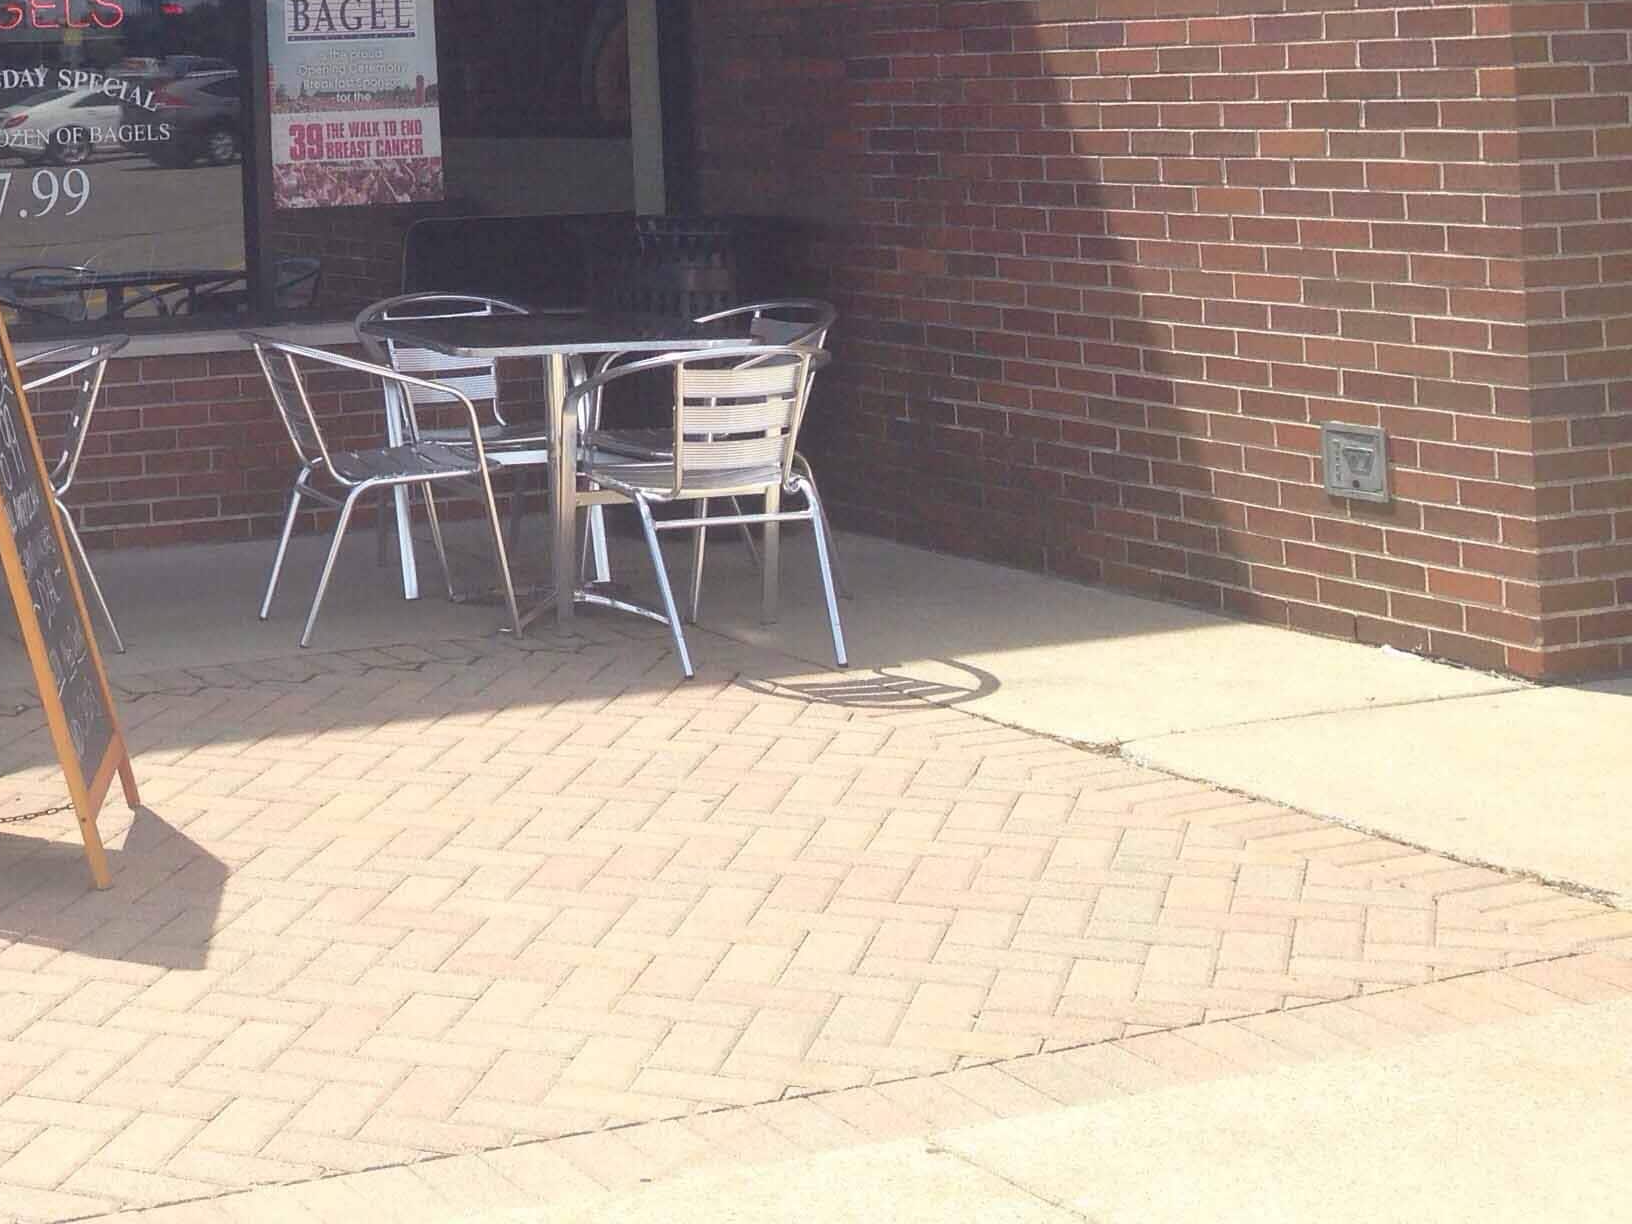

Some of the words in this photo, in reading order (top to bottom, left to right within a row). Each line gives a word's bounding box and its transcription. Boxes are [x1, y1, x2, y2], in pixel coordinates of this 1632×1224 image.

[56, 69, 161, 113] SPECIAL
[55, 128, 84, 147] OF
[89, 123, 171, 145] BAGELS
[325, 122, 345, 139] THE
[347, 121, 381, 138] WALK
[382, 120, 398, 137] TO
[400, 119, 423, 136] END
[288, 123, 324, 162] 39
[325, 140, 372, 160] BREAST
[375, 138, 424, 158] CANCER
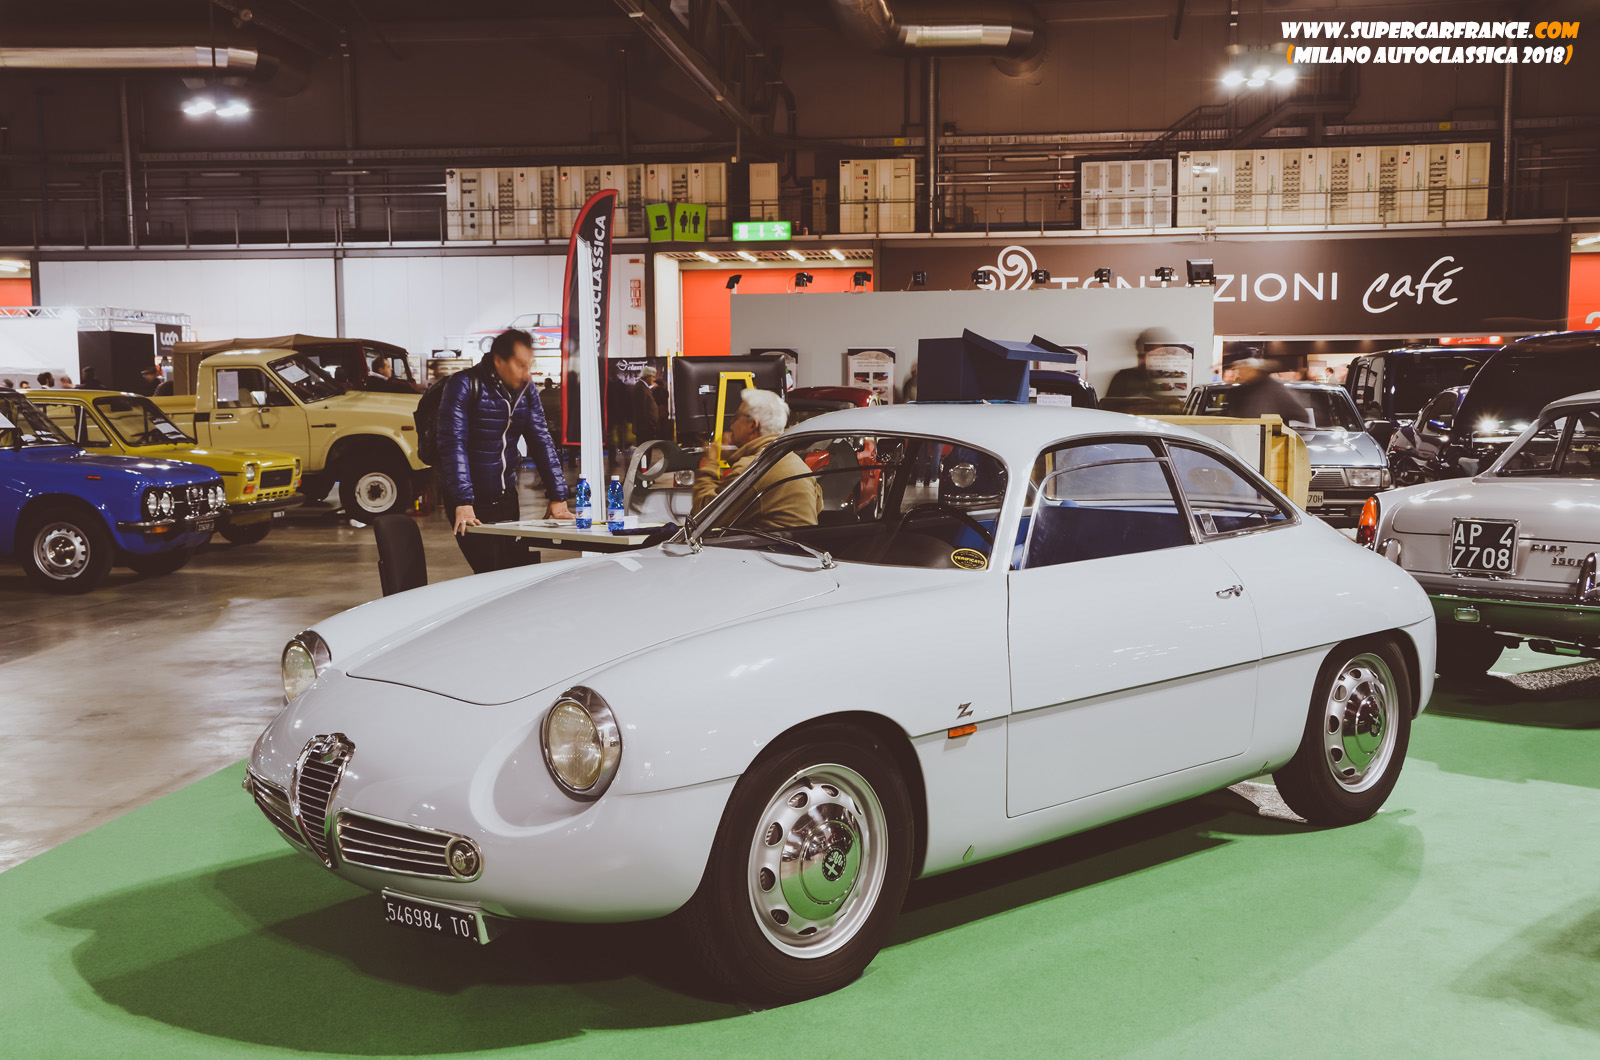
########
§ **What to produce**
Pictures stay out; repeat all the rest of the records exactly.

§ **Solution below**
Some of the words in this photo, in reading order (top to bottom, left to right within a row). Each line gives a word's bounding box and its transcription. Boxes are [x1, y1, x2, y2], in pixel coordinates of this 1632×1224 image.

[56, 69, 161, 113] SPECIAL
[55, 128, 84, 147] OF
[89, 123, 171, 145] BAGELS
[325, 122, 345, 139] THE
[347, 121, 381, 138] WALK
[382, 120, 398, 137] TO
[400, 119, 423, 136] END
[288, 123, 324, 162] 39
[325, 140, 372, 160] BREAST
[375, 138, 424, 158] CANCER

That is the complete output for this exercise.